This article is part of the Azure Well-Architected mission-critical workload series. If you aren't familiar with this series, we recommend you start with what is a mission-critical workload?

There are three main levels of operational maturity when striving to maximize reliability.

  1. Detect and respond to issues as they happen.
  2. Diagnose issues that are occurring or have already occurred.
  3. Predict and prevent issues before they take place.

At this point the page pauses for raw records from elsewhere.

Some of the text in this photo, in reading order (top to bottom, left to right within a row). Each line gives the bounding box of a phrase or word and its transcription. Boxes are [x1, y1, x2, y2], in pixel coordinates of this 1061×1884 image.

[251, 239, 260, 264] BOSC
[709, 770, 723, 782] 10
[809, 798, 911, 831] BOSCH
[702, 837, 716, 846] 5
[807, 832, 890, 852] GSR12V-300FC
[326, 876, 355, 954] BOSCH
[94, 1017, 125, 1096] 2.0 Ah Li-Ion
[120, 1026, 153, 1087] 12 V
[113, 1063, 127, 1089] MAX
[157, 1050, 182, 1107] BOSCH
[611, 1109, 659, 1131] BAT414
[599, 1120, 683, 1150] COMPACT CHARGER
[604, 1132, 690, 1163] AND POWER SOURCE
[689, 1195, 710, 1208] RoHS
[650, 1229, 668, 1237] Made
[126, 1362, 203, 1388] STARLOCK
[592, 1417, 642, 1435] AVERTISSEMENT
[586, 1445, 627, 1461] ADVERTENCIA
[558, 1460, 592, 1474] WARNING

Video: Define a health model for your mission-critical workload

Layered application health

To build a health model, first define application health in the context of key business requirements by quantifying ‘healthy’ and ‘unhealthy’ states in a layered and measurable format. Then, for each application component, refine the definition in the context of a steady running state and aggregated according to the application user flows. Superimpose with key non-functional business requirements for performance and availability. Finally, aggregate the health states for each individual user flow to form an acceptable representation of the overall application health. Once established, these layered health definitions should be used to inform critical monitoring metrics across all system components and validate operational subsystem composition.

Important

When defining what 'unhealthy' states, represent for all levels of the application. It's important to distinguish between transient and non-transient failure states to qualify service degradation relative to unavailability.

Design considerations

  • The process of modeling health is a top-down design activity that starts with an architectural exercise to define all user flows and map dependencies between functional and logical components, thereby implicitly mapping dependencies between Azure resources.

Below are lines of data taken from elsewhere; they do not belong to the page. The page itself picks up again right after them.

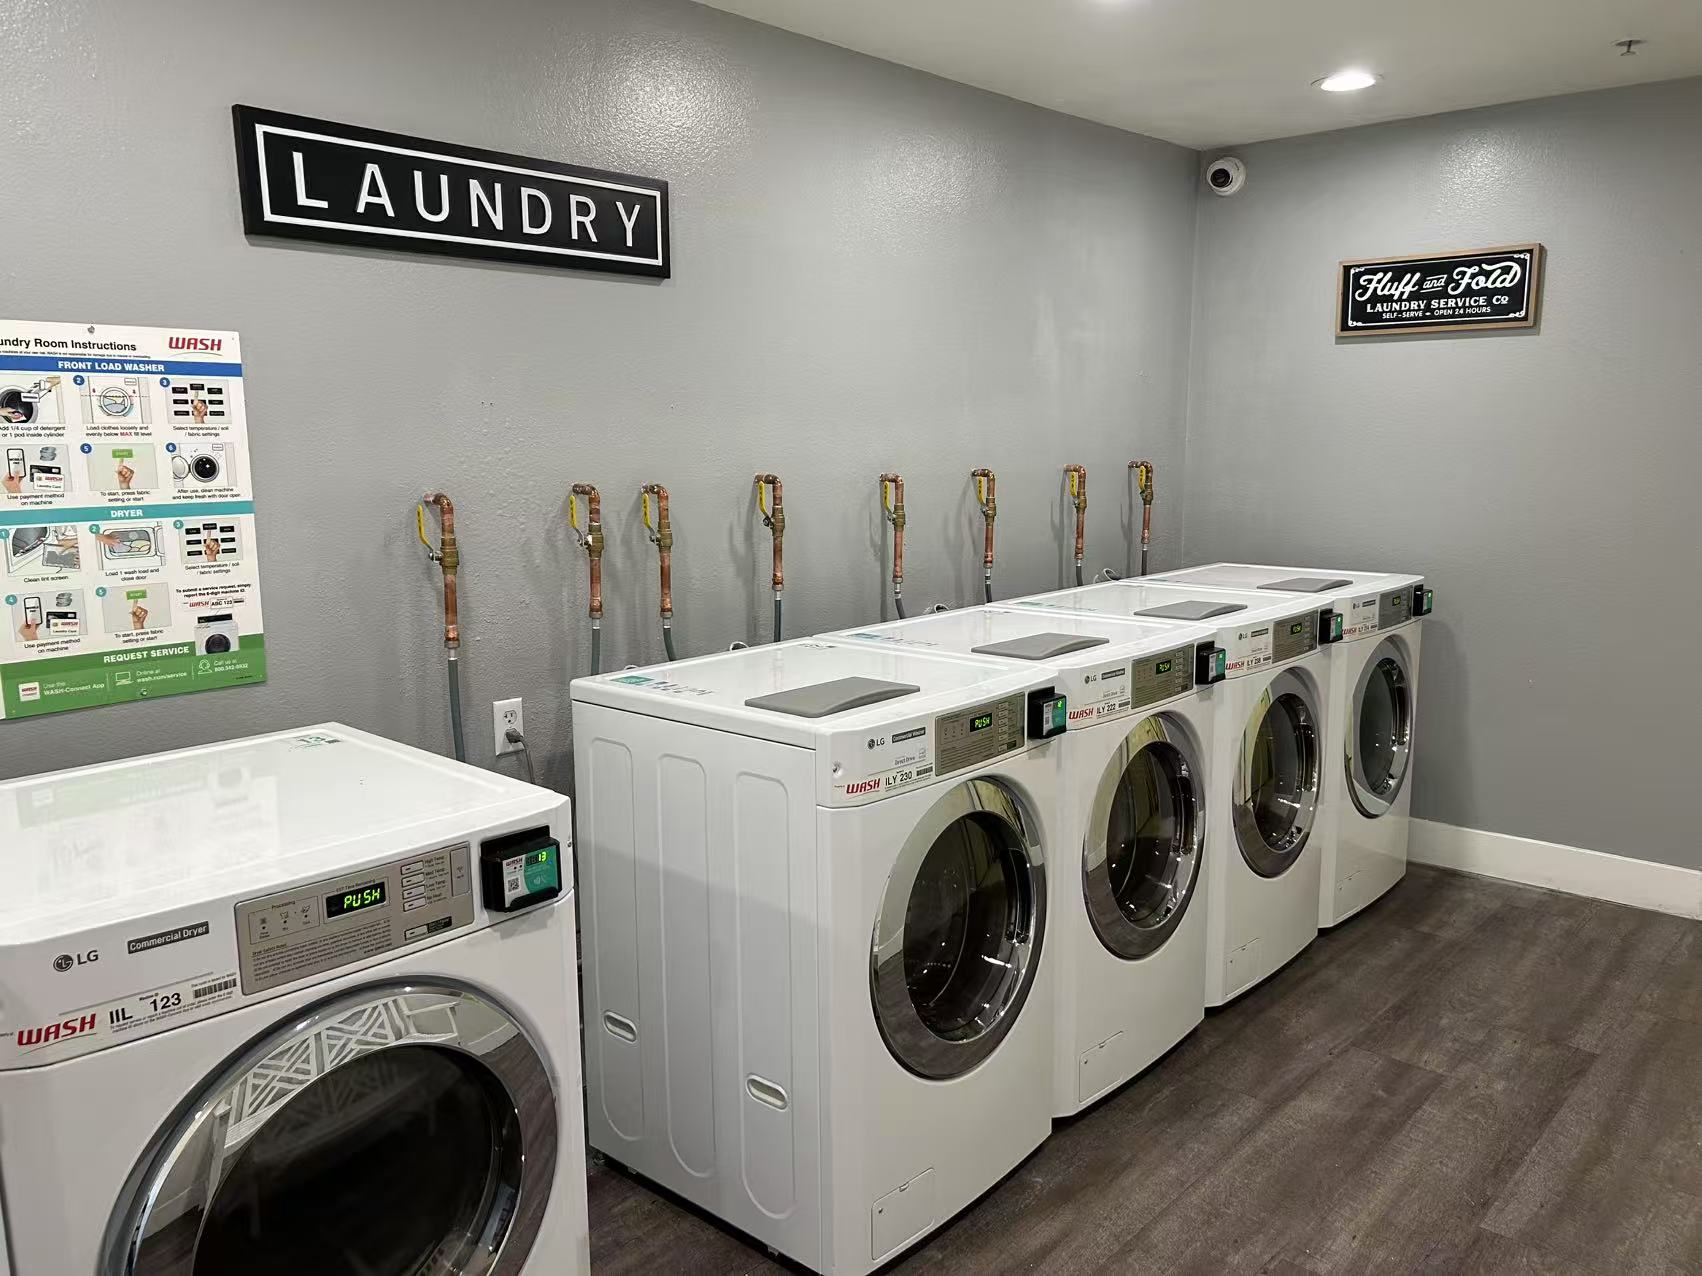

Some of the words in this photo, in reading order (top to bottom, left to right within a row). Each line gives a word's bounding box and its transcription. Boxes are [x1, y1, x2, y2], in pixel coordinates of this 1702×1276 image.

[292, 151, 640, 247] LAUNDRY
[1355, 271, 1420, 301] Fluff
[1422, 276, 1446, 290] and
[1448, 261, 1521, 296] Fold
[1366, 300, 1426, 312] LAUNDRY
[1431, 297, 1487, 309] SERVICE
[34, 338, 68, 348] Room
[71, 340, 137, 351] Instructions
[168, 337, 222, 351] WASH
[58, 361, 92, 369] FRONT
[95, 362, 121, 370] LOAD
[124, 363, 165, 371] WASHER
[110, 509, 143, 518] DRYER
[103, 651, 148, 663] REQUEST
[150, 646, 190, 657] SERVICE
[1226, 661, 1244, 670] WASH
[43, 685, 91, 695] WASH-Connect
[1069, 708, 1094, 720] WASH
[1096, 706, 1105, 714] ILY
[1106, 703, 1116, 712] 222
[975, 717, 990, 727] PUSH
[876, 738, 885, 746] LG
[846, 778, 880, 794] WASH
[885, 775, 897, 786] ILY
[900, 771, 912, 781] 230
[506, 858, 522, 867] WASH
[538, 852, 547, 861] 13
[344, 888, 380, 909] PUSH
[129, 933, 181, 951] Commercial
[183, 924, 207, 938] Dryer
[77, 950, 99, 965] LG
[18, 1013, 96, 1046] WASH
[109, 1008, 133, 1024] IIL
[150, 992, 181, 1012] 123

  • A health model is entirely dependent on the context of the solution it represents, and therefore can't be solved 'out-of-the-box' because 'one size doesn't fit all'.

    • Applications will differ in composition and dependencies
    • Metrics and metric thresholds for resources must also be finely tuned in terms of what values represent healthy and unhealthy states, which are heavily influenced by encompassed application functionality and target non-functional requirements.
  • A layered health model enables application health to be traced back to lower level dependencies, which helps to quickly root cause service degradation.

  • To capture health states for an individual component, that component's distinct operational characteristics must be understood under a steady state that is reflective of production load. Performance testing is therefore a key capability to define and continually evaluate application health.

  • Failures within a cloud solution may not happen in isolation. An outage in a single component may lead to several capabilities or additional components becoming unavailable.

    • Such errors may not be immediately observable.

Design recommendations

  • Define a measurable health model as a priority to ensure a clear operational understanding of the entire application.

    • The health model should be layered and reflective of the application structure.
    • The foundational layer should consider individual application components, such as Azure resources.
    • Foundational components should be aggregated alongside key non-functional requirements to build a business-contextualized lens into the health of system flows.
    • System flows should be aggregated with appropriate weights based on business criticality to build a meaningful definition of overall application health. Financially significant or customer-facing user flows should be prioritized.
    • Each layer of the health model should capture what ‘healthy’ and ‘unhealthy’ states represent.
    • Ensure the heath model can distinguish between transient and non-transient unhealthy states to isolate service degradation from unavailability.
  • Represent health states using a granular health score for every distinct application component and every user flow by aggregating health scores for mapped dependent components, considering key non-functional requirements as coefficients.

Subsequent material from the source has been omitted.